Signs of Earliest Life in Ocean Depths

By Kathy Sawyer, Washington Post, Thursday 8 June 2000; A03

Geologists have found apparent fossil evidence of microbial life in scalding hot deep-ocean vent systems on the very young Earth, 2.7 billion years earlier than previously known.

The signs of ancient single-celled organisms—threadlike filaments etched in volcanic rock about 3.2 billion years old—bolster a theory favored by many biologists, based on genetic studies, that the first life on Earth arose in just such a sunless, toxic and hot environment.

The cradle of life may have been a sulfurous, subterranean inferno, not unlike a medieval vision of hell, said Birger Rasmussen, of the University of Western Australia, who describes his discovery in today's issue of the journal Nature.

In recent decades, scientists have learned that life can thrive in extreme environments previously thought to be lethal. On Earth today, deep-ocean hydrothermal vent systems—rifts in the ocean floor where water and chemicals from the Earth's hotter interior emerge—are known to sustain a variety of creatures, including diverse bacterial communities. But microfossils of any kind in such ancient deposits are extremely rare, and until now, none like these had been found in rock more than about half a billion years old.

Paleobiologist Andrew Knoll, of Harvard, said Rasmussen's find represents a rare and welcome insight into a 2 billion-year stretch of Earth's biological history that remains cloaked in mystery. It's a clear view of life at a moment in time in a particular place on the early Earth. . . . It's really, I think, several steps forward from any micropaleontology that we've seen before in rocks of this age.

The first murky chemical sign of life anywhere on Earth dates to 3.8 billion years ago, he noted, and by 3.5 billion years ago, the record indicates that primitive biology of some sort was a going concern.

Rasmussen's fossils appear to be the imprints left by strings of single-celled heat-loving organisms (in more technical terms, thermophilic chemotropic prokaryotes) a thousandth of a millimeter in diameter and a tenth of a millimeter in length. He found the stringy formations unexpectedly while studying core samples of rock drilled from a 3.2 billion-year-old metal sulfide deposit in the Pilbara region of northwestern Australia. It is a type of deposit usually formed on a sea floor at the darkest depths and at high temperatures. He was examining the rocks with optical and scanning electron microscopes—not looking for fossils, but trying to determine oxygen levels in the atmosphere of the primordial Earth.

After looking at hundreds of slides, I noticed some unusual structures that contained a dense assemblage of interwined filaments, he said. After careful examination, I came to the conclusion that the filaments had to be biological.

It is their sinuous shape, uniform thickness along their length and pattern of intertwining that led Rasmussen to this inference, he said. At least as compelling, both to him and to independent experts interviewed, are the patterns by which the filaments orient themselves, suggesting behavioral variations distinct to living organisms as they react to varying stimuli. As for their abundance, he found more than 300 such filaments intertwined within a tiny spot in one very thin polished section of rock.

These fossils strongly resemble, in size and shape, microbes found around deep-sea vent systems today, Rasmussen said.

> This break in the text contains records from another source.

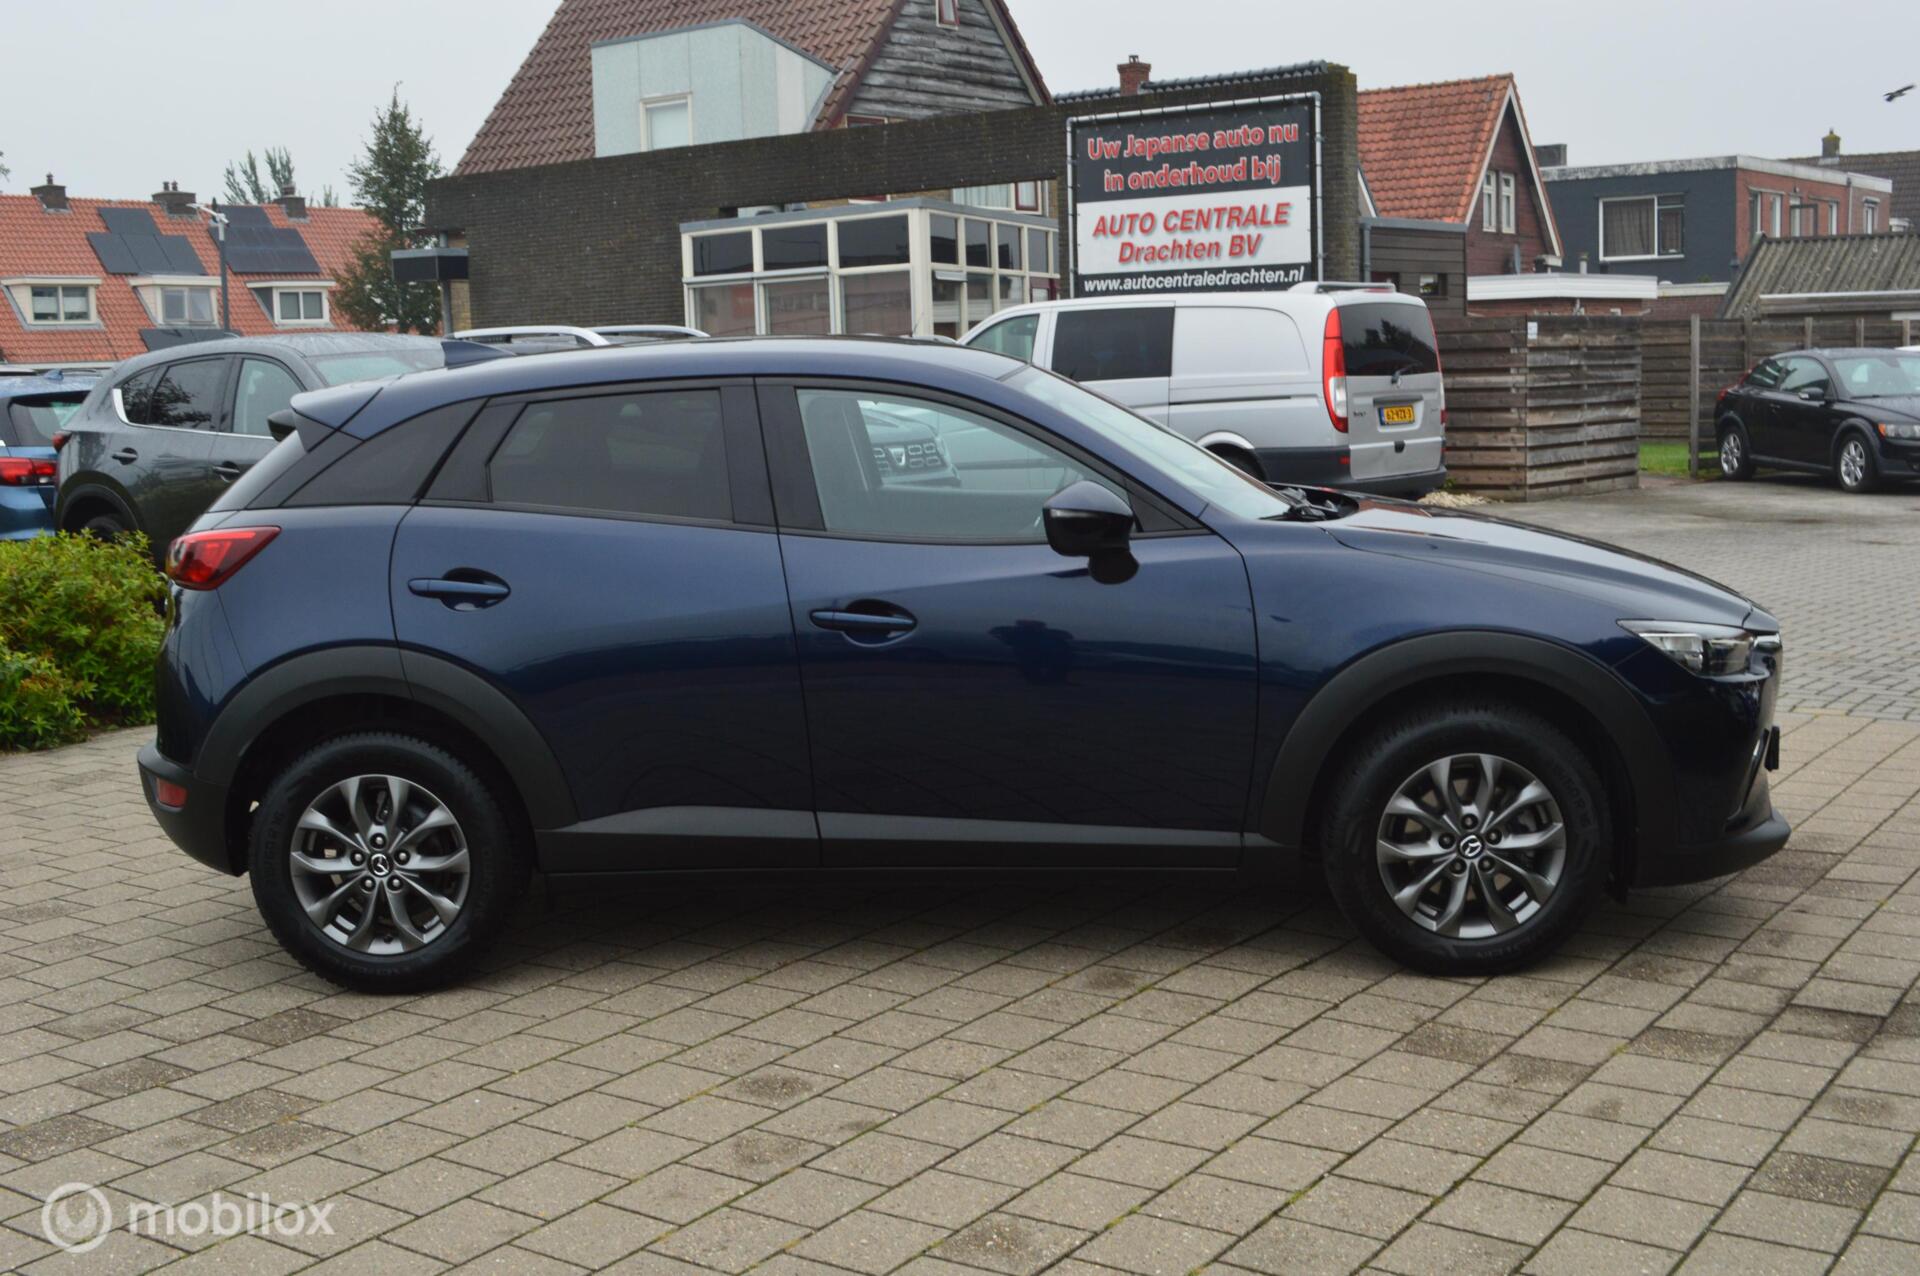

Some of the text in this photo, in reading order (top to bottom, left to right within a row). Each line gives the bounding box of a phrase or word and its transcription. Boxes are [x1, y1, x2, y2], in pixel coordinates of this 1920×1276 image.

[1088, 123, 1299, 160] Uw Japanse auto nu
[1104, 154, 1281, 192] in onderhoud bij
[1092, 202, 1291, 237] AUTO CENTRALE
[1118, 233, 1262, 263] Drachten BV
[1084, 266, 1305, 291] www.autocentraledrachten.nl
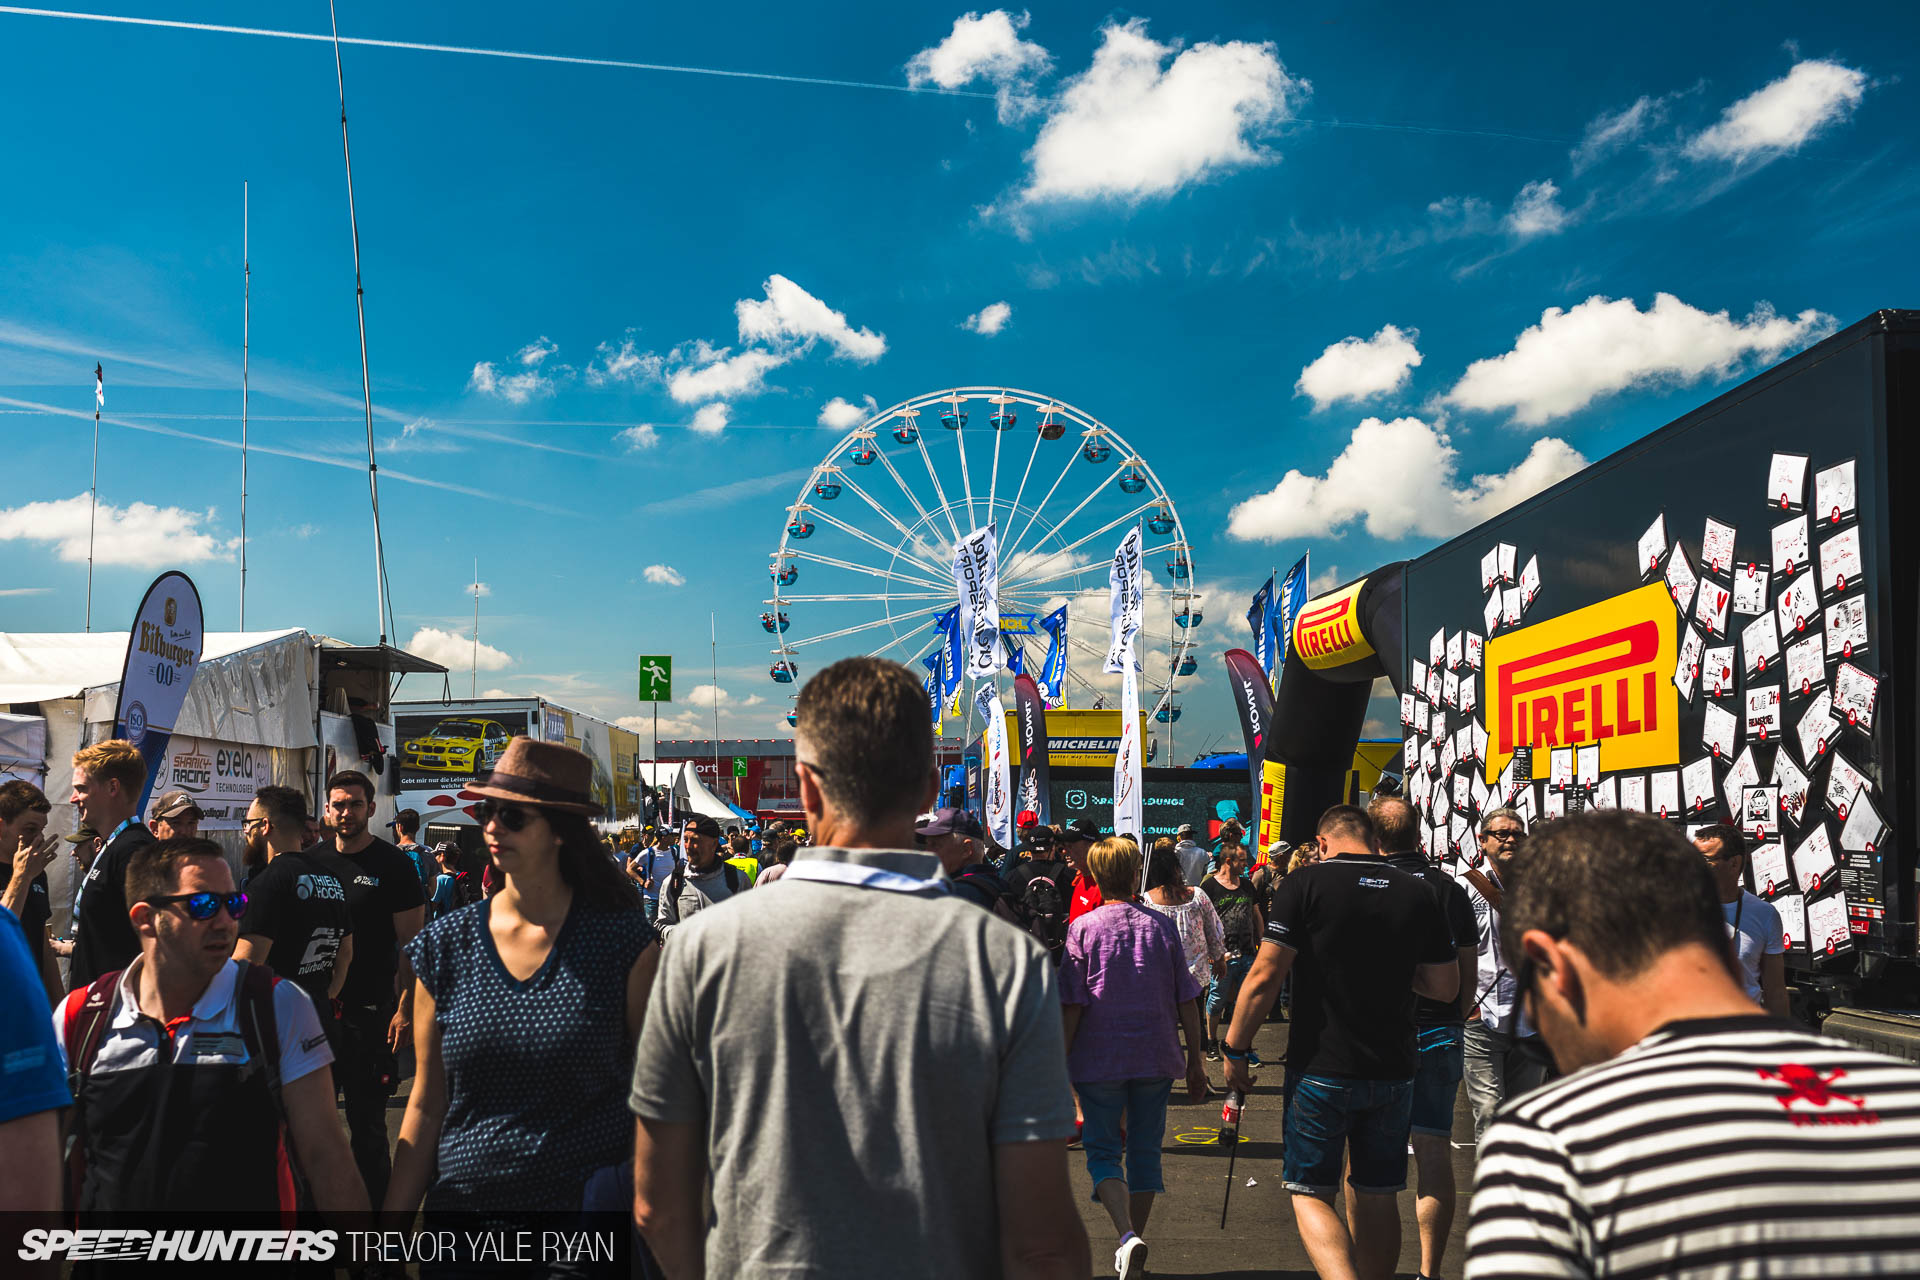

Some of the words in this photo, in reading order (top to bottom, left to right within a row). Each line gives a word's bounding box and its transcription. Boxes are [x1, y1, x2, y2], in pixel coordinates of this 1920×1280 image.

[138, 620, 194, 668] Bitburger
[1297, 596, 1356, 658] PIRELLI
[156, 662, 173, 686] 0.0
[1498, 619, 1659, 755] PIRELLI
[172, 769, 211, 784] RACING
[216, 744, 253, 779] exela
[216, 783, 253, 793] TECHNOLOGIES
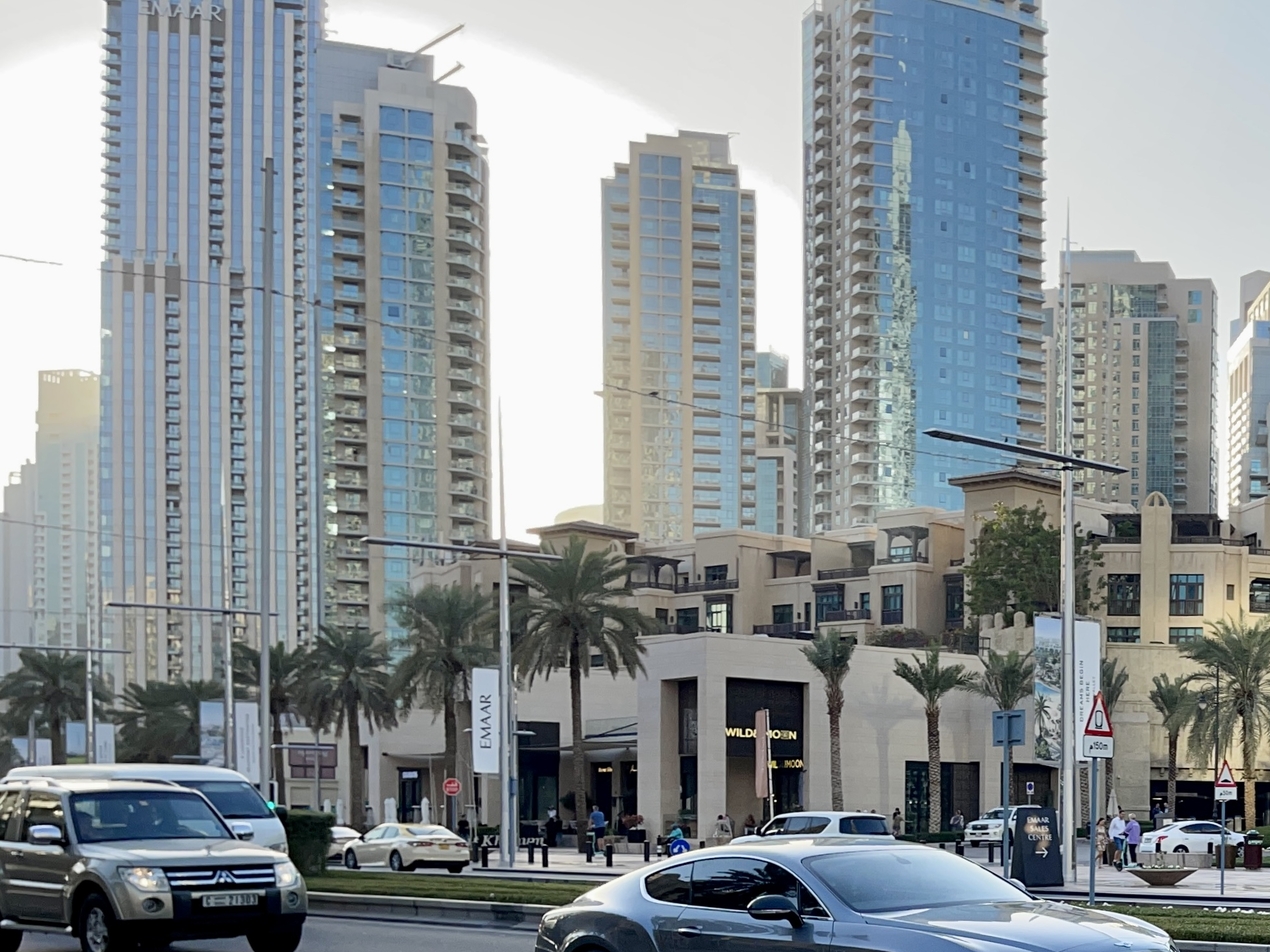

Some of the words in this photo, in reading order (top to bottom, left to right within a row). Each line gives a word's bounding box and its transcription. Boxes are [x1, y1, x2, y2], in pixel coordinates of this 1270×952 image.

[138, 0, 223, 22] EMAAR
[480, 694, 491, 749] EMAAR
[1027, 816, 1050, 824] EMAAR
[1028, 833, 1053, 841] CENTRE
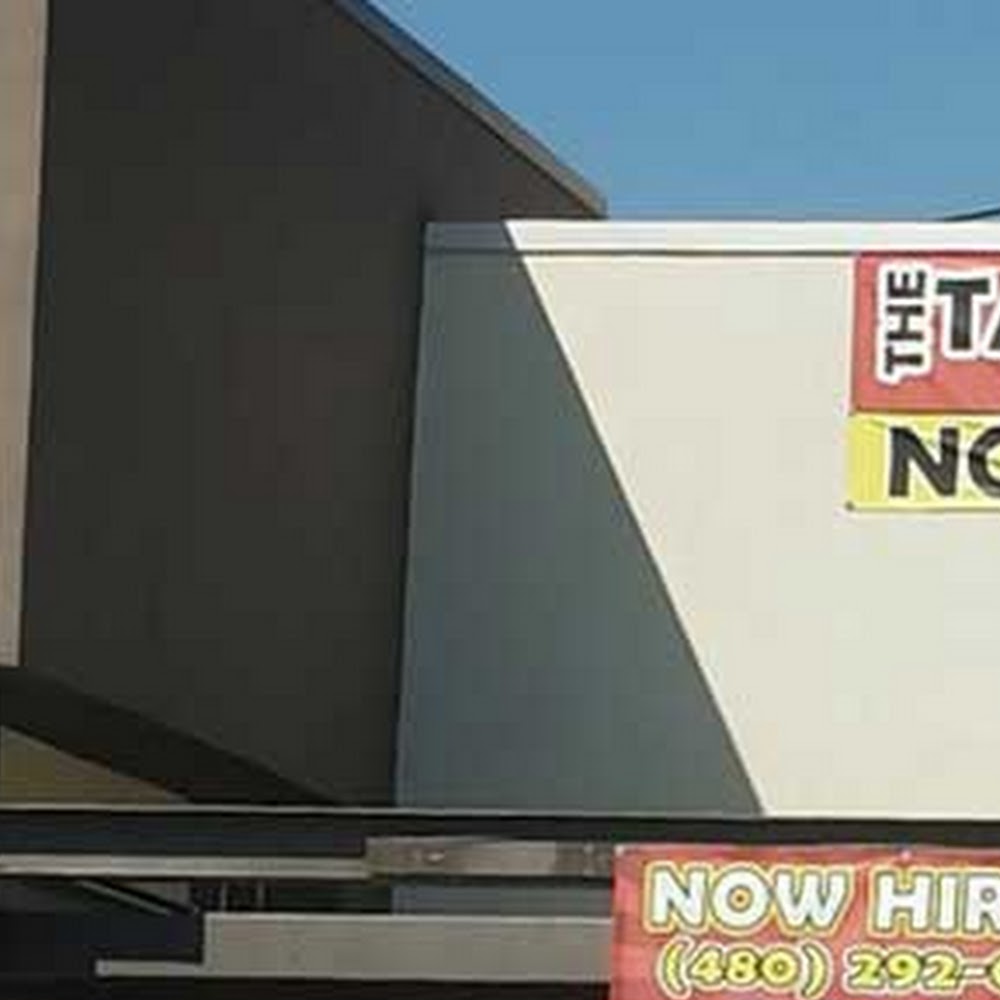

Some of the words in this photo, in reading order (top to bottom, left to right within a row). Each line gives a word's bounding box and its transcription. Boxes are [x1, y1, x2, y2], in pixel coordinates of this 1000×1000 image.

[884, 268, 927, 376] THE
[650, 865, 850, 933] NOW
[660, 941, 828, 997] (480)

Geologist Euan Nisbet of the University of London, in an accompanying commentary, said: The work of Rasmussen and of others . . . adds a new realm—predicted but previously only surmised—to the map of ecology for this epoch. Although it does not prove that deep-water hydrothermal life came before life based on the sun's energy, he added, it lends circumstantial support to the argument that steps in the early history of life—and perhaps even the very first step—took place around hydrothermal systems.

But Nisbet also cautioned that the study of rocks this old is like a forensic investigation based on heavily smudged fingerprints, carrying a high risk of error.

Rasmussen said he believes he has ruled out known alternative explanations. For example, the filaments . . . bear little resemblance to structures generated by [non-biological] means. The nature and location of the fossil evidence suggests to Rasmussen that the microorganisms probably lived in the pores and crevices of rocks at shallow depths below the sea floor, a habitat that would have been bathed in a hot, rich brew of metals and nutrients.

The planet's surface, under heavy meteor bombardment, was even less hospitable than the volcanic submarine depths. At 1,000 meters (3,300 feet) down, with a sediment cover, the organisms would have been shielded from ultraviolet radiation and could not have depended on sunlight for energy like most familiar forms of life. Instead, Rasmussen speculates, they would have relied somehow on chemical energy, possibly from the sulfur common in such hot springs.

Biogeochemist John Hayes of the Woods Hole Oceanographic Institute predicted that the paper will stir up debate on this issue of how the bugs made a living. Rasmussen, he said, leaves unanswered the vexing major question of exactly what chemical reaction on early Earth they might have been exploiting to drive their growth. It's a stimulating paper, without a doubt, he said, even though it lands us in the middle of this remarkable puzzle.